The release of body-camera footage – recorded by three Fayetteville Police Department officers who responded to the scene after Walker was shot – was ordered by Judge James Ammons Jr.
The order came after a request from Fayetteville Sheriff Gina Hawkins, who noted that the video also featured testimonies from at least three witnesses at the scene. North Carolina law states that law enforcement recordings may be released to the public only after a court petition from an official.
The request comes after police said a preliminary investigation found Walker “ran into traffic and jumped in [the] moving car” that Hash drove on Saturday afternoon.
“The driver of the vehicle shot [Walker] and notified 911,” Fayetteville police said in a statement Saturday.

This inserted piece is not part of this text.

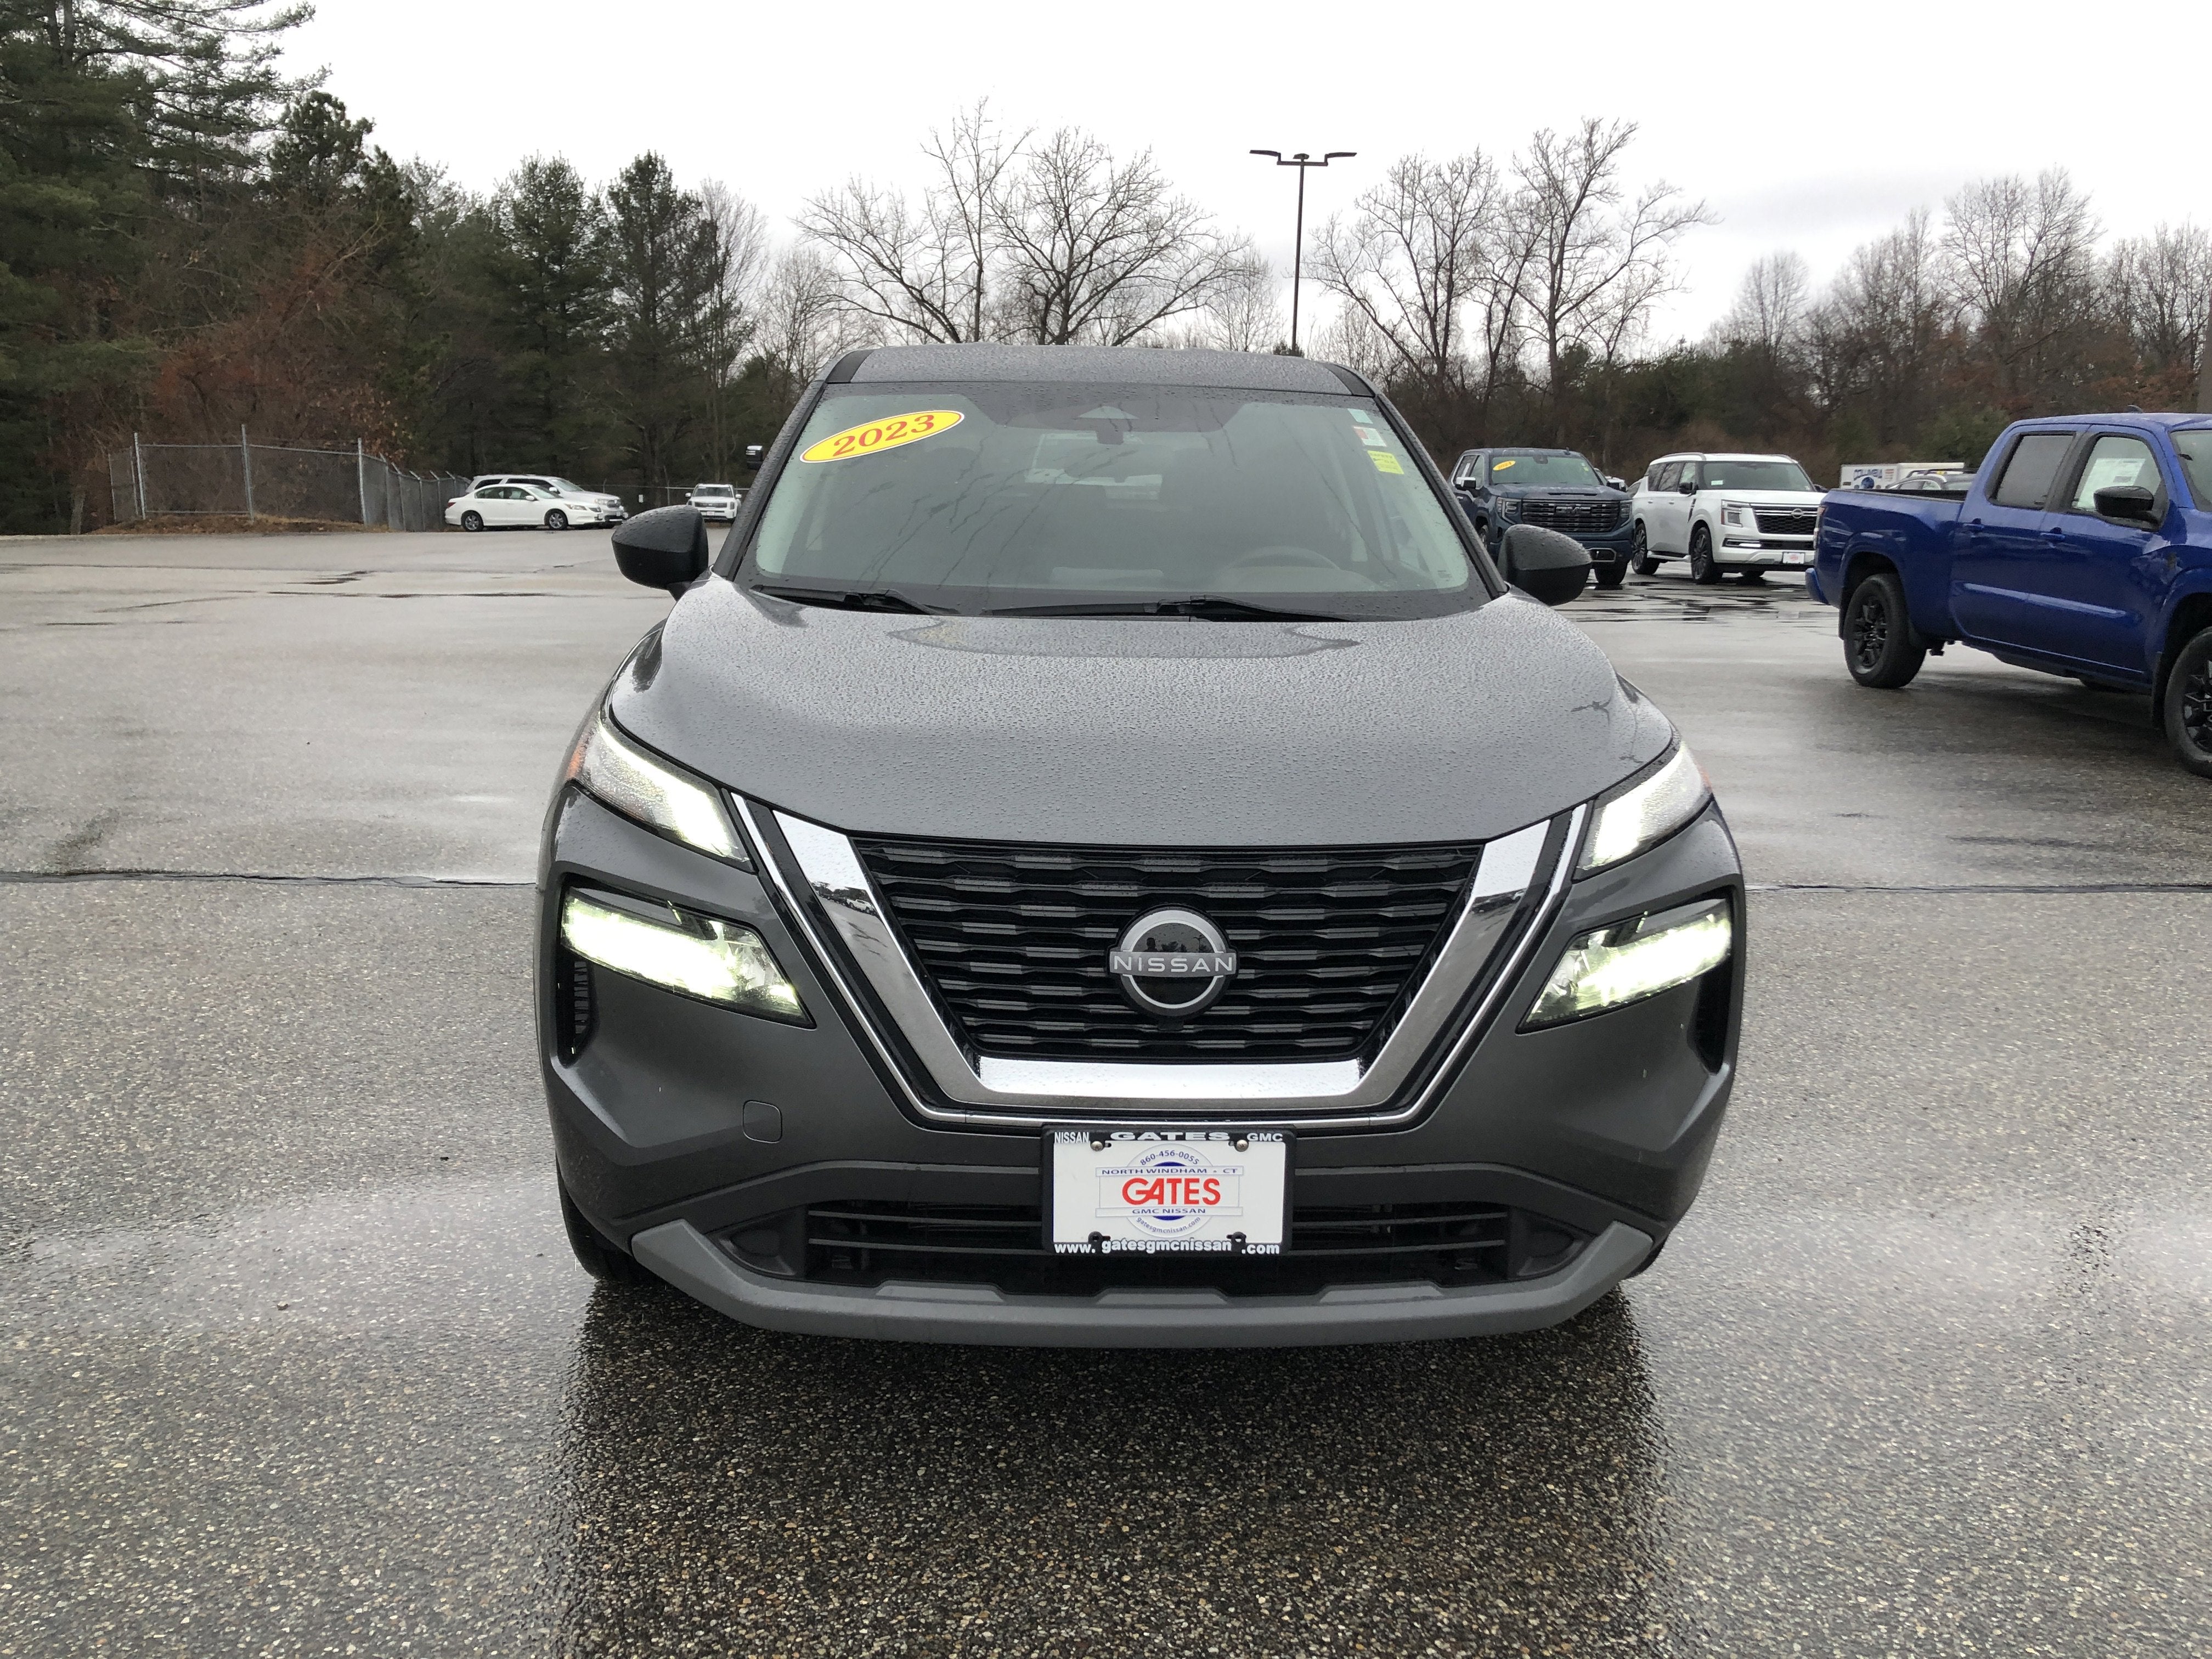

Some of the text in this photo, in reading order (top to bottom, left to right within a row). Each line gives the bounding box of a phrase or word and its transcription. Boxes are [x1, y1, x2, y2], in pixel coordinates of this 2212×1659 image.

In a 911 call that lasted nearly four minutes, Hash confirmed to emergency operators that a man jumped on his vehicle and broke his windshield.
“I just shot him. He jumped on my car. I just had to shoot him,” Hash said on the call, later identifying himself as a sheriff’s lieutenant. “I stopped to not hit him and he jumped in my car and started screaming; pulled out my windshield wipers, and started banging on my windshield and breaking my windshield. I had my wife and daughter in my car. “
Shortly after, a witness posted video of the incident on social media – showing a man standing nearby driving a red pickup while talking on a mobile phone. Beside him was another man on the ground, who appeared to be bleeding, and two others trying to assist the police.